WORK REQUEST:
Would you return each record that follows word for word, without its pictures?

[Saved data entries]

--- START ---

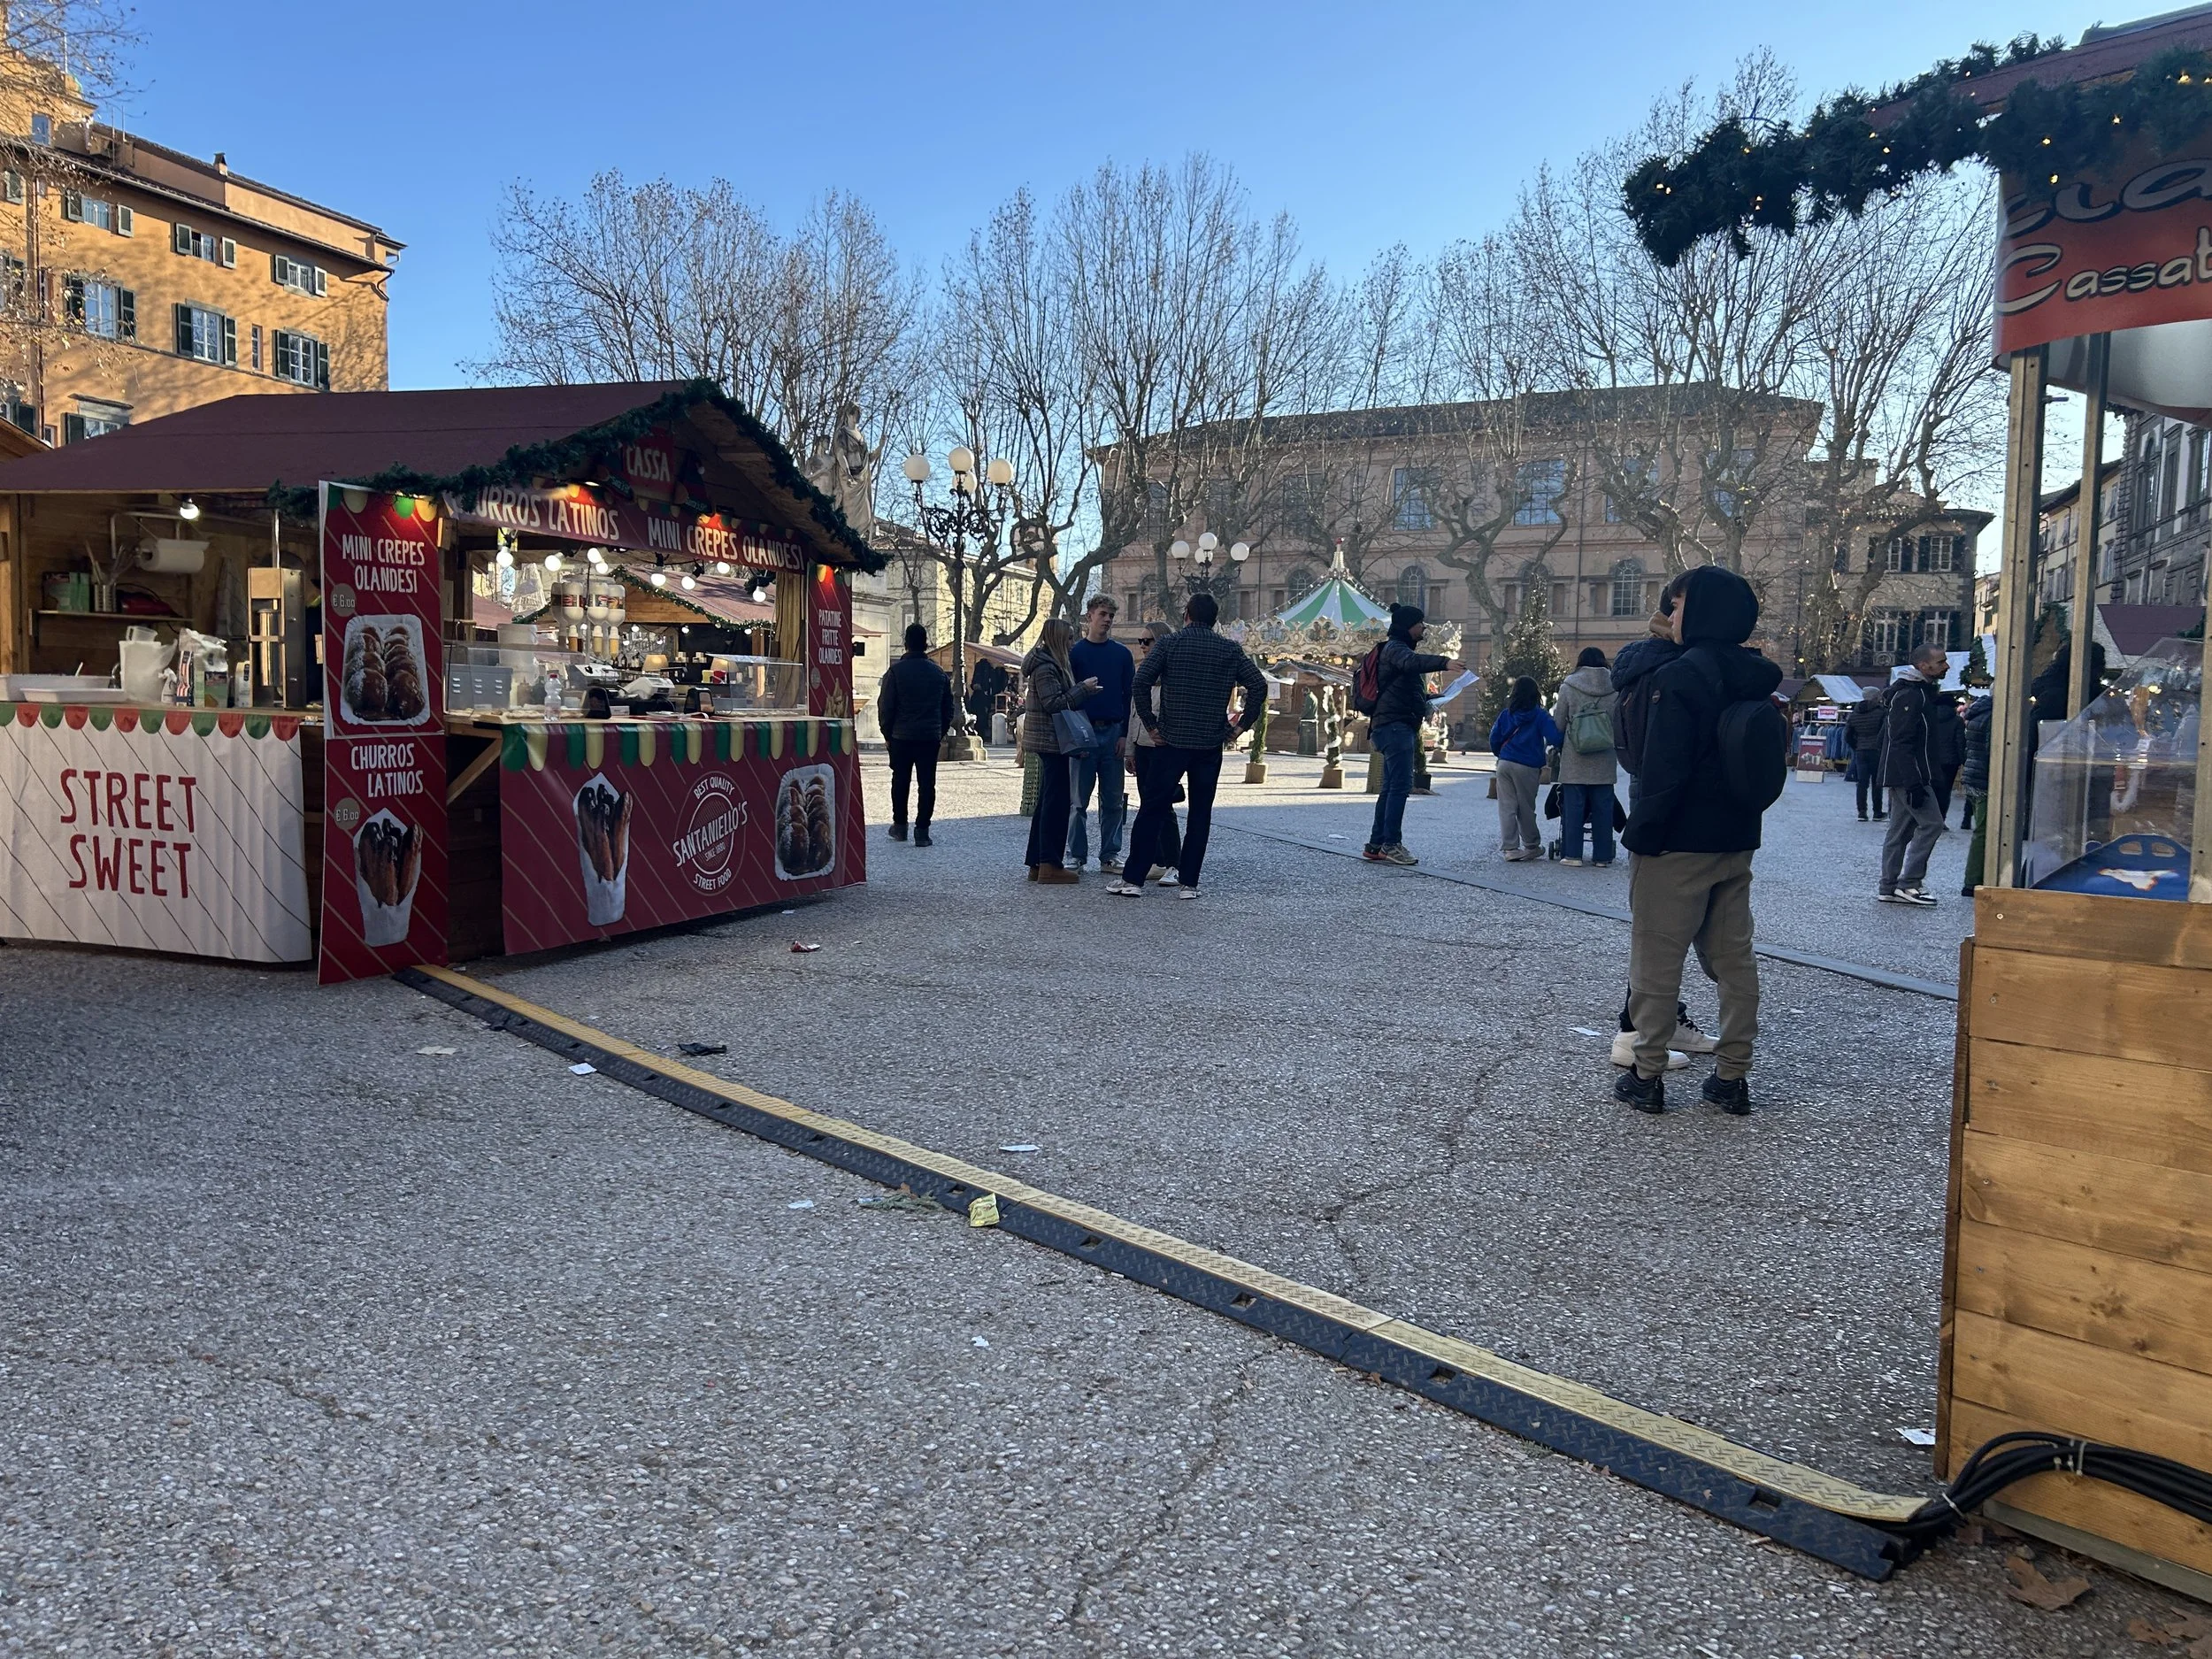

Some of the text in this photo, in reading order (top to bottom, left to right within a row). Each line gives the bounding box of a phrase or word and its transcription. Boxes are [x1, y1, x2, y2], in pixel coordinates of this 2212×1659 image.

[626, 445, 671, 482] CASSA
[469, 487, 620, 541] URROS LATINOS
[342, 534, 425, 565] MINI CREPES
[648, 516, 805, 571] MINI CREPES OLANDESI
[354, 565, 418, 594] OLANDESI
[818, 609, 842, 627] PATATINE
[821, 628, 839, 647] FRITTE
[818, 647, 843, 665] OLANDESI
[350, 742, 415, 771] CHURROS
[367, 770, 424, 798] LATINOS
[694, 776, 735, 799] BEST QUALITY
[60, 768, 196, 833] STREET
[672, 801, 748, 867] SANTANIELLO'S
[69, 833, 191, 899] SWEET
[694, 868, 732, 890] STREET FOOD

--- END ---

EXPECTED ANSWER:
Some of the text in this photo, in reading order (top to bottom, left to right within a row). Each line gives the bounding box of a phrase or word and its transcription. Boxes are [x1, y1, x2, y2], in pixel coordinates of this 2212×1659 image.

[626, 445, 671, 482] CASSA
[469, 487, 620, 541] URROS LATINOS
[342, 534, 425, 565] MINI CREPES
[648, 516, 805, 571] MINI CREPES OLANDESI
[354, 565, 418, 594] OLANDESI
[818, 609, 842, 627] PATATINE
[821, 628, 839, 647] FRITTE
[818, 647, 843, 665] OLANDESI
[350, 742, 415, 771] CHURROS
[367, 770, 424, 798] LATINOS
[694, 776, 735, 799] BEST QUALITY
[60, 768, 196, 833] STREET
[672, 801, 748, 867] SANTANIELLO'S
[69, 833, 191, 899] SWEET
[694, 868, 732, 890] STREET FOOD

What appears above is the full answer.